* [HOW TO COMPLETE THIS TASK]: Output the data once more, exactly as given.

Records from a data collection:
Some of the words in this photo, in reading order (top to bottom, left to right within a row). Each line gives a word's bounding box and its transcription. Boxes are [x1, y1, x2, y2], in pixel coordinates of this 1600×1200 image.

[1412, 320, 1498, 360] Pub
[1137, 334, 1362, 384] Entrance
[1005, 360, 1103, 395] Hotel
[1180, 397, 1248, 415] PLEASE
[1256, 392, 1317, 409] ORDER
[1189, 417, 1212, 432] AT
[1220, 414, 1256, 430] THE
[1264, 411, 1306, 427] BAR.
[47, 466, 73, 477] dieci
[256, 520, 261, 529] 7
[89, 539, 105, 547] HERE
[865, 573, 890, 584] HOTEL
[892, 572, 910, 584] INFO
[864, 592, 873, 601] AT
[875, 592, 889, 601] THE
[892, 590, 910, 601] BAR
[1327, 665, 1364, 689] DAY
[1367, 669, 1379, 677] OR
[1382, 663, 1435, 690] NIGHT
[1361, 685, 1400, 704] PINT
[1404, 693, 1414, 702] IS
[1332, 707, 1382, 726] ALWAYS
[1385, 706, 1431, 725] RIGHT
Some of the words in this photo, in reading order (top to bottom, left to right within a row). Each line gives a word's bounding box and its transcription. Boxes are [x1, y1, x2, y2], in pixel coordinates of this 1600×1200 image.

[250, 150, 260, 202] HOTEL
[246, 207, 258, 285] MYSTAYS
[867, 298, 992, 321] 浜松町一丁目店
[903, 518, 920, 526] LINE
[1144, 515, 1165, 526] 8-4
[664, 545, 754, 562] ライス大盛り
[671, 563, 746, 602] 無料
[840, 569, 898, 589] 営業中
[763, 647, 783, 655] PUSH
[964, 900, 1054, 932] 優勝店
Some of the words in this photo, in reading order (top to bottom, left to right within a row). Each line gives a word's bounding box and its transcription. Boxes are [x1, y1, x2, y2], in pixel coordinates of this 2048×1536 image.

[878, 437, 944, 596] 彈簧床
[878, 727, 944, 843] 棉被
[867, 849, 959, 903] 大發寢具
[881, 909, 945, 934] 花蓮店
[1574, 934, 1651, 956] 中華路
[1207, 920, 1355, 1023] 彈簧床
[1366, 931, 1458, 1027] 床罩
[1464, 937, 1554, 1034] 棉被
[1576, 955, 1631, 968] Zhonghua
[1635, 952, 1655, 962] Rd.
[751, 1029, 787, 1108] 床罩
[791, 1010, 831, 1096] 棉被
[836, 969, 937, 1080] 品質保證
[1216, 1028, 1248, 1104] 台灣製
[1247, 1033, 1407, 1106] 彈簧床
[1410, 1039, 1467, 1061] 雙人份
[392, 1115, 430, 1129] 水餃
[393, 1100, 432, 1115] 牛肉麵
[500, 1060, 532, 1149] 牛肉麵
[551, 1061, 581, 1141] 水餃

* [RESULT OF THIS TASK]:
Some of the words in this photo, in reading order (top to bottom, left to right within a row). Each line gives a word's bounding box and its transcription. Boxes are [x1, y1, x2, y2], in pixel coordinates of this 1600×1200 image.

[1412, 320, 1498, 360] Pub
[1137, 334, 1362, 384] Entrance
[1005, 360, 1103, 395] Hotel
[1180, 397, 1248, 415] PLEASE
[1256, 392, 1317, 409] ORDER
[1189, 417, 1212, 432] AT
[1220, 414, 1256, 430] THE
[1264, 411, 1306, 427] BAR.
[47, 466, 73, 477] dieci
[256, 520, 261, 529] 7
[89, 539, 105, 547] HERE
[865, 573, 890, 584] HOTEL
[892, 572, 910, 584] INFO
[864, 592, 873, 601] AT
[875, 592, 889, 601] THE
[892, 590, 910, 601] BAR
[1327, 665, 1364, 689] DAY
[1367, 669, 1379, 677] OR
[1382, 663, 1435, 690] NIGHT
[1361, 685, 1400, 704] PINT
[1404, 693, 1414, 702] IS
[1332, 707, 1382, 726] ALWAYS
[1385, 706, 1431, 725] RIGHT
Some of the words in this photo, in reading order (top to bottom, left to right within a row). Each line gives a word's bounding box and its transcription. Boxes are [x1, y1, x2, y2], in pixel coordinates of this 1600×1200 image.

[250, 150, 260, 202] HOTEL
[246, 207, 258, 285] MYSTAYS
[867, 298, 992, 321] 浜松町一丁目店
[903, 518, 920, 526] LINE
[1144, 515, 1165, 526] 8-4
[664, 545, 754, 562] ライス大盛り
[671, 563, 746, 602] 無料
[840, 569, 898, 589] 営業中
[763, 647, 783, 655] PUSH
[964, 900, 1054, 932] 優勝店
Some of the words in this photo, in reading order (top to bottom, left to right within a row). Each line gives a word's bounding box and its transcription. Boxes are [x1, y1, x2, y2], in pixel coordinates of this 2048×1536 image.

[878, 437, 944, 596] 彈簧床
[878, 727, 944, 843] 棉被
[867, 849, 959, 903] 大發寢具
[881, 909, 945, 934] 花蓮店
[1574, 934, 1651, 956] 中華路
[1207, 920, 1355, 1023] 彈簧床
[1366, 931, 1458, 1027] 床罩
[1464, 937, 1554, 1034] 棉被
[1576, 955, 1631, 968] Zhonghua
[1635, 952, 1655, 962] Rd.
[751, 1029, 787, 1108] 床罩
[791, 1010, 831, 1096] 棉被
[836, 969, 937, 1080] 品質保證
[1216, 1028, 1248, 1104] 台灣製
[1247, 1033, 1407, 1106] 彈簧床
[1410, 1039, 1467, 1061] 雙人份
[392, 1115, 430, 1129] 水餃
[393, 1100, 432, 1115] 牛肉麵
[500, 1060, 532, 1149] 牛肉麵
[551, 1061, 581, 1141] 水餃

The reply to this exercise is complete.